Minnesota Consumer Data Privacy Act (“MCDPA”)
Information for Businesses •
Controller Responsibilities •
Processor Responsibilities •
Exemptions •
Criteria
Data Privacy and Protection Assessment
Controllers are required to conduct and document a data privacy and protection assessment for each of the following processing activities involving personal data:
- The processing of personal data for purposes of targeted advertising;
- The sale of personal data;
- The processing of sensitive data;
- Any processing activities involving personal data that present a heightened risk of harm to consumers; and
- The processing of personal data for purposes of profiling, where the profiling presents a reasonably foreseeable risk of: (1) unfair or deceptive treatment of, or disparate impact on, consumers; (2) financial, physical, or reputational injury to consumers; (3) a physical or other intrusion upon the solitude or seclusion, or the private affairs or concerns, of consumers, where the intrusion would be offensive to a reasonable person; or (4) other substantial injury to consumers.

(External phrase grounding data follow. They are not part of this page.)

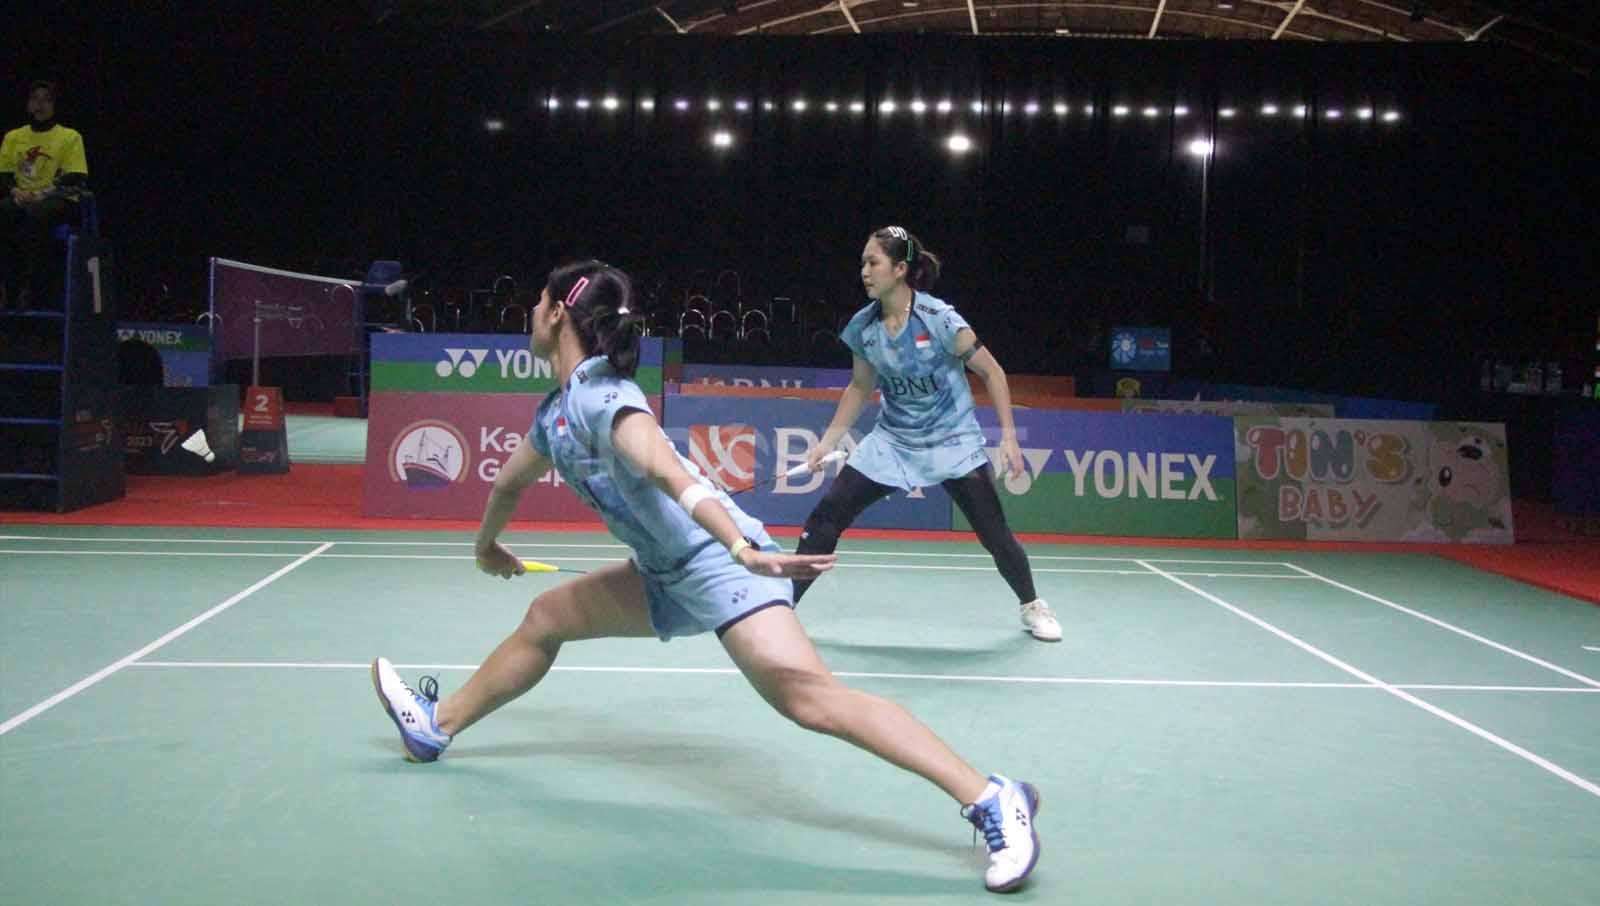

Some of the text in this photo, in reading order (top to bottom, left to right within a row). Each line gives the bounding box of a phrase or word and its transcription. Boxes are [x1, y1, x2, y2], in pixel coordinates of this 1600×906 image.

[87, 256, 102, 313] 1
[138, 329, 182, 345] YONEX
[495, 349, 553, 379] YON
[890, 373, 939, 396] BNI
[253, 394, 269, 412] 2
[1247, 424, 1409, 482] TIN'S
[1063, 449, 1217, 501] YONEX
[1278, 485, 1378, 523] BABY

The assessment must engage in a balanced analysis, taking into account the type of data processed, the benefits of the processing of that data, the risks to the rights of the consumer associated with the processing, and the mitigation of those risks by safeguards that can be employed by the controller. The assessment must factor in the use of deidentified data and the reasonable expectations of consumers, as well as the context of the processing and the relationship between the controller and the consumer whose personal data will be processed. The assessment must also include the description of policies and procedures required by the Act.
The data privacy and protection assessment must be provided to the Attorney General pursuant to civil investigative demand.
Disclaimer: The Attorney General’s Office (“AGO”) is providing this page as a rough guide to explore rights and obligations pursuant to the Act. In many instances, this website simplifies or rewords the provisions of the Act for comprehension and readability. The website is not intended to provide guidance as to how the AGO would enforce the Act. It is not the AGO’s intention to provide any information on this website that would conflict with the Act. The AGO offers this website as a tool for exploring the Act, but nothing on this site should be construed as legal advice for interpreting the Act or how the Act might be enforced.